Problem »
Write out the records again, exactly, leaving none out.

┏━━

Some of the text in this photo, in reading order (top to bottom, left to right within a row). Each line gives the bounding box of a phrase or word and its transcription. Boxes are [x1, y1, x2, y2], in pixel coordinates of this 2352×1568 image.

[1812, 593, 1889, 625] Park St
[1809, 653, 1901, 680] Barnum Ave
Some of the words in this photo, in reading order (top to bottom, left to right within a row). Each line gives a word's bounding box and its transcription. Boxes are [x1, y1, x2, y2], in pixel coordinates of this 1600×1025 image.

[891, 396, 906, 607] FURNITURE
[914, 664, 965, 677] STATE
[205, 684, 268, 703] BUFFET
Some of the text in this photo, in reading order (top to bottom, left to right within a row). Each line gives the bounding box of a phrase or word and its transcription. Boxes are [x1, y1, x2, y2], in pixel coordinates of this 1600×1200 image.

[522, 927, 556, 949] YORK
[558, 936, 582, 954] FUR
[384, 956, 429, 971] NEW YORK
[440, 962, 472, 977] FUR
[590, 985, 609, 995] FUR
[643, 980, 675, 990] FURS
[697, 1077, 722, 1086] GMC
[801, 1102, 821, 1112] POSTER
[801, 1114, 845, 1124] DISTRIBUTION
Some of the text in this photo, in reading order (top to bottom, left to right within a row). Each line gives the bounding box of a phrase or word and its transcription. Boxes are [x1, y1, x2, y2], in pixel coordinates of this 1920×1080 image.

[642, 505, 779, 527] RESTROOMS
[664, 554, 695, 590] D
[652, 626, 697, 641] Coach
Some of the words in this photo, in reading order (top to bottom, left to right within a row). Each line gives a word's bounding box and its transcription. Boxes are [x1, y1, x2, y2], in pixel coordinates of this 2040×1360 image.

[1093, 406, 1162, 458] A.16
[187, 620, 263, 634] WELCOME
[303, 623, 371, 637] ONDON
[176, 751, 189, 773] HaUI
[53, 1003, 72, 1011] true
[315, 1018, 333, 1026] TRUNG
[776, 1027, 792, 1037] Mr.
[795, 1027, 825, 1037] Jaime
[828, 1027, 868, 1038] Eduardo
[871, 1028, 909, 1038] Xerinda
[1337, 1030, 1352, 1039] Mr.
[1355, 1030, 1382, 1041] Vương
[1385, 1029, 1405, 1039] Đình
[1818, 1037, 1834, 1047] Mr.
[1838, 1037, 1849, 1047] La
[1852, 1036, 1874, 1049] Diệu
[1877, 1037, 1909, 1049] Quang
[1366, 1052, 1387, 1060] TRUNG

┗━━

Your response »
Some of the text in this photo, in reading order (top to bottom, left to right within a row). Each line gives the bounding box of a phrase or word and its transcription. Boxes are [x1, y1, x2, y2], in pixel coordinates of this 2352×1568 image.

[1812, 593, 1889, 625] Park St
[1809, 653, 1901, 680] Barnum Ave
Some of the words in this photo, in reading order (top to bottom, left to right within a row). Each line gives a word's bounding box and its transcription. Boxes are [x1, y1, x2, y2], in pixel coordinates of this 1600×1025 image.

[891, 396, 906, 607] FURNITURE
[914, 664, 965, 677] STATE
[205, 684, 268, 703] BUFFET
Some of the text in this photo, in reading order (top to bottom, left to right within a row). Each line gives the bounding box of a phrase or word and its transcription. Boxes are [x1, y1, x2, y2], in pixel coordinates of this 1600×1200 image.

[522, 927, 556, 949] YORK
[558, 936, 582, 954] FUR
[384, 956, 429, 971] NEW YORK
[440, 962, 472, 977] FUR
[590, 985, 609, 995] FUR
[643, 980, 675, 990] FURS
[697, 1077, 722, 1086] GMC
[801, 1102, 821, 1112] POSTER
[801, 1114, 845, 1124] DISTRIBUTION
Some of the text in this photo, in reading order (top to bottom, left to right within a row). Each line gives the bounding box of a phrase or word and its transcription. Boxes are [x1, y1, x2, y2], in pixel coordinates of this 1920×1080 image.

[642, 505, 779, 527] RESTROOMS
[664, 554, 695, 590] D
[652, 626, 697, 641] Coach
Some of the words in this photo, in reading order (top to bottom, left to right within a row). Each line gives a word's bounding box and its transcription. Boxes are [x1, y1, x2, y2], in pixel coordinates of this 2040×1360 image.

[1093, 406, 1162, 458] A.16
[187, 620, 263, 634] WELCOME
[303, 623, 371, 637] ONDON
[176, 751, 189, 773] HaUI
[53, 1003, 72, 1011] true
[315, 1018, 333, 1026] TRUNG
[776, 1027, 792, 1037] Mr.
[795, 1027, 825, 1037] Jaime
[828, 1027, 868, 1038] Eduardo
[871, 1028, 909, 1038] Xerinda
[1337, 1030, 1352, 1039] Mr.
[1355, 1030, 1382, 1041] Vương
[1385, 1029, 1405, 1039] Đình
[1818, 1037, 1834, 1047] Mr.
[1838, 1037, 1849, 1047] La
[1852, 1036, 1874, 1049] Diệu
[1877, 1037, 1909, 1049] Quang
[1366, 1052, 1387, 1060] TRUNG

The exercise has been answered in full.